Attention Is Not Memory: How LLMs Handle Conversation

A developer is forty turns into a session. They told the model on turn fifteen that the project uses snake_case for database columns and camelCase for API fields, and that the boundary between the two is the serialization layer. On turn forty the model produces a SQL query with camelCase columns. The developer types, “I told you we use snake_case for columns,” and the model apologizes and rewrites it.

Most readers will recognize this. The instinct that follows is to say the model “forgot.” Some readers will go further and say the model has bad memory, or that the conversation got too long for it to track. Both reactions come from the same intuition: the model is a small intelligent agent that remembers what it has been told, and longer conversations strain the remembering.

The model has no memory at all between turns. It is not remembering badly. It is not remembering at all. Each turn, the entire prior transcript is shipped back to the model, and the model produces the next response by attending over that transcript end to end. What feels like memory is re-reading. What feels like forgetting is the same act of re-reading, done over a transcript where the relevant signal got buried.

Each turn is a discrete invocation#

There is no persistent process on the other side of the conversation that is holding state for the developer between turns. There is no “the model” that gets handed turn forty and remembers turn fifteen. There is a stateless function that, when called, takes a transcript as input and produces the next message as output. The provider’s product wraps that function in a chat UI that makes it feel like a continuous conversation, but the wrapping is a UI affordance. The mechanism underneath is request-response.

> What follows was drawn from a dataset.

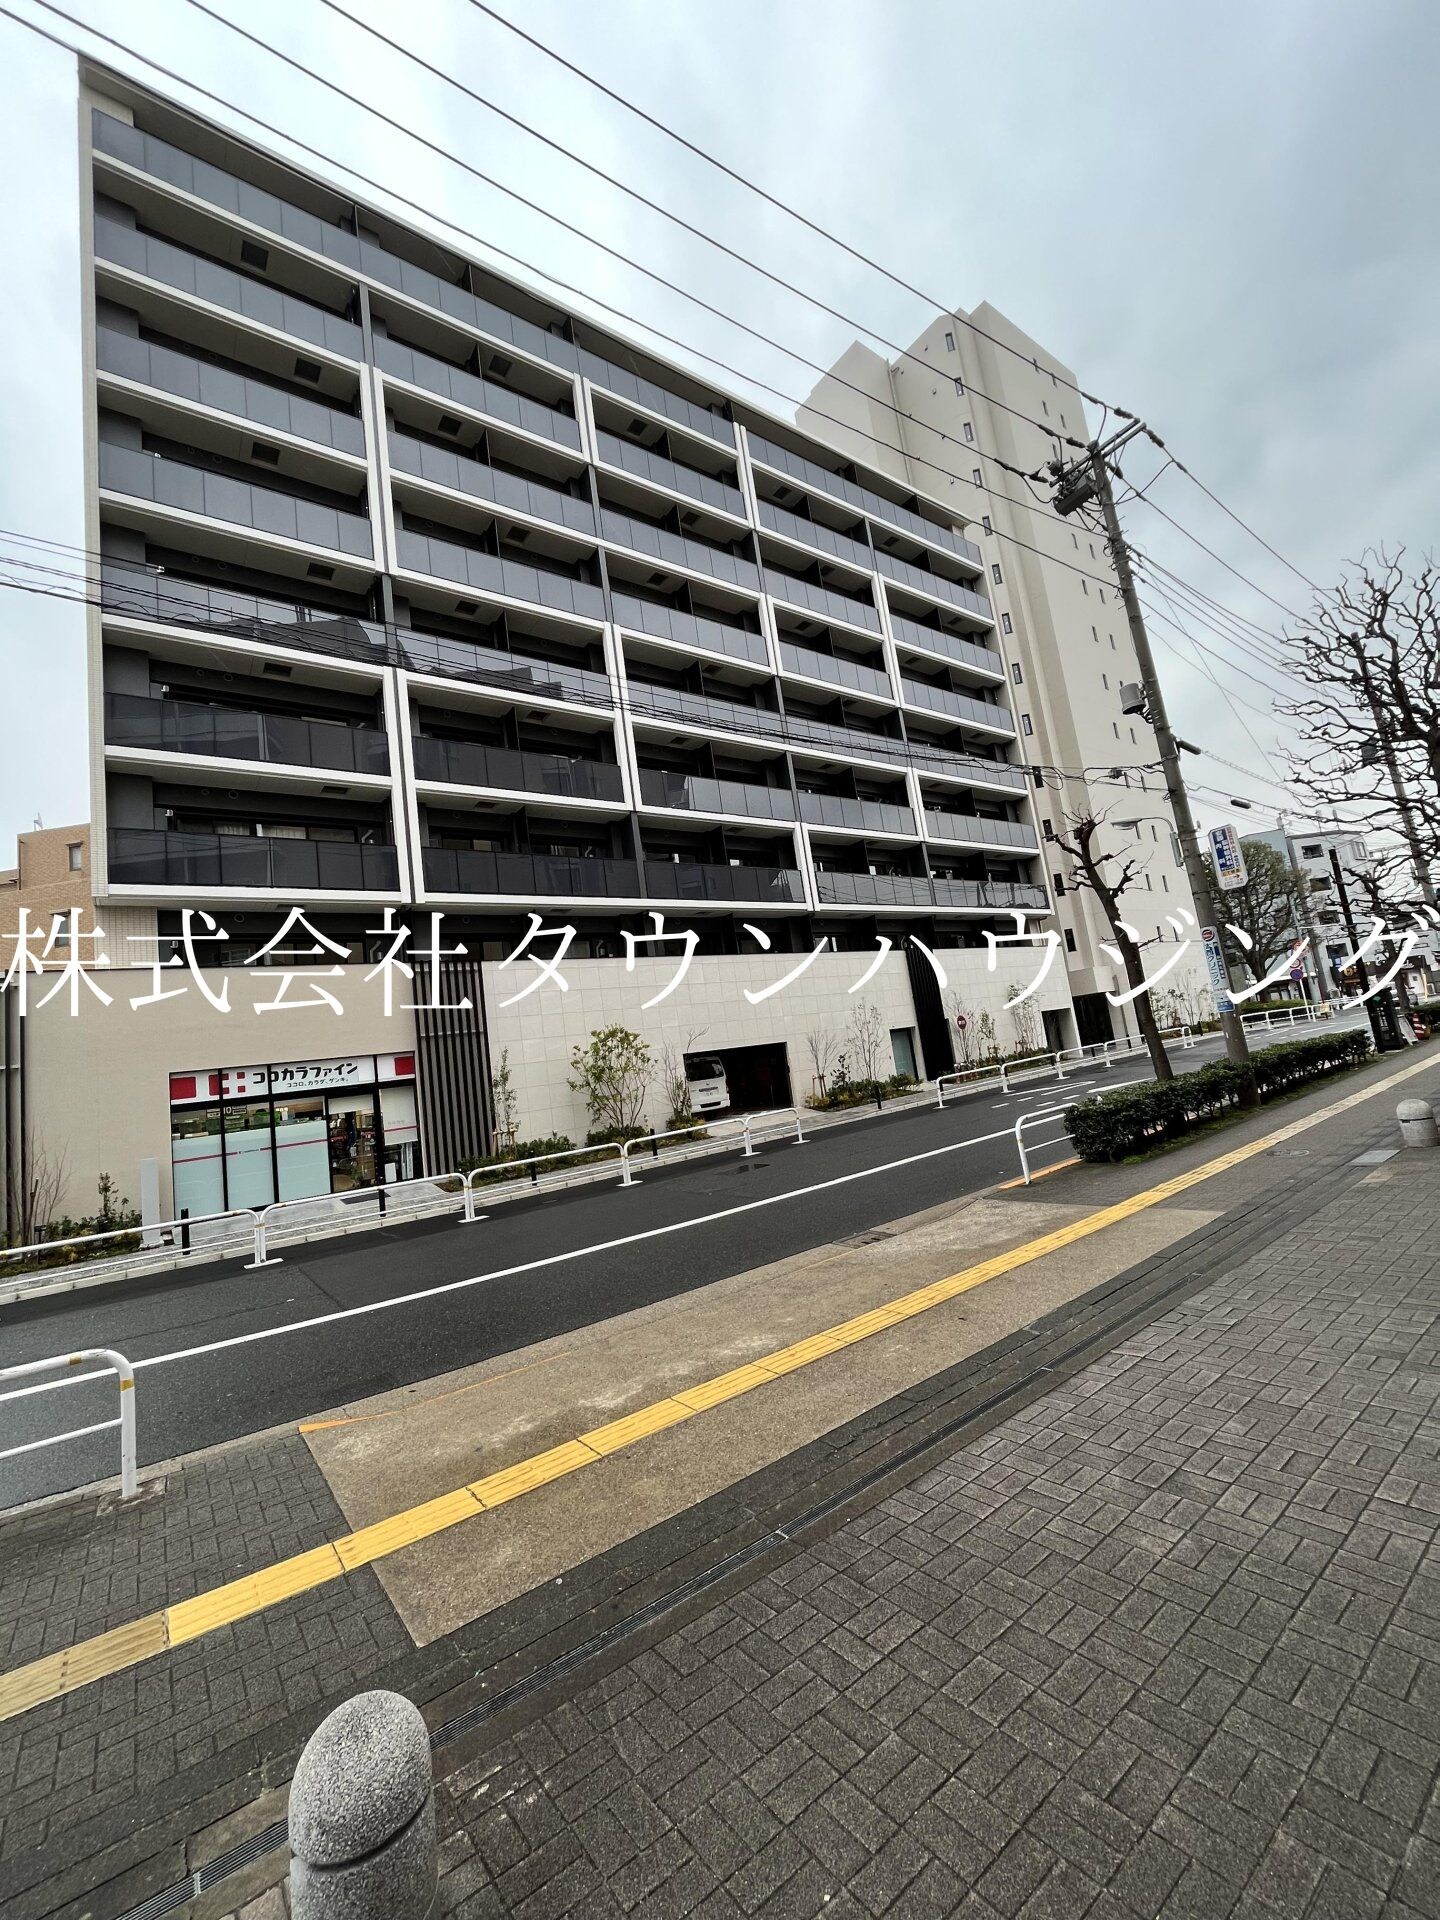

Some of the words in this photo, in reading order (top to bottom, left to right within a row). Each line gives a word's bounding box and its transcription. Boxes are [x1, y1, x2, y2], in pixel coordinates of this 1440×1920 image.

When turn forty arrives, the API call carries every prior turn in the transcript. The model attends over the full sequence in a single forward pass. It doesn’t have access to a separate memory of what was discussed earlier. It doesn’t have a compressed summary of the established conventions. It has the bytes in front of it, and it has its training. That’s everything.

This is one of those facts that sounds technical and small until you sit with what it implies. Every appearance of continuity across turns is the developer’s experience, not the model’s. The model has no experience of turn fifteen when it is producing turn forty. It re-encounters turn fifteen for the first time, every turn, forever.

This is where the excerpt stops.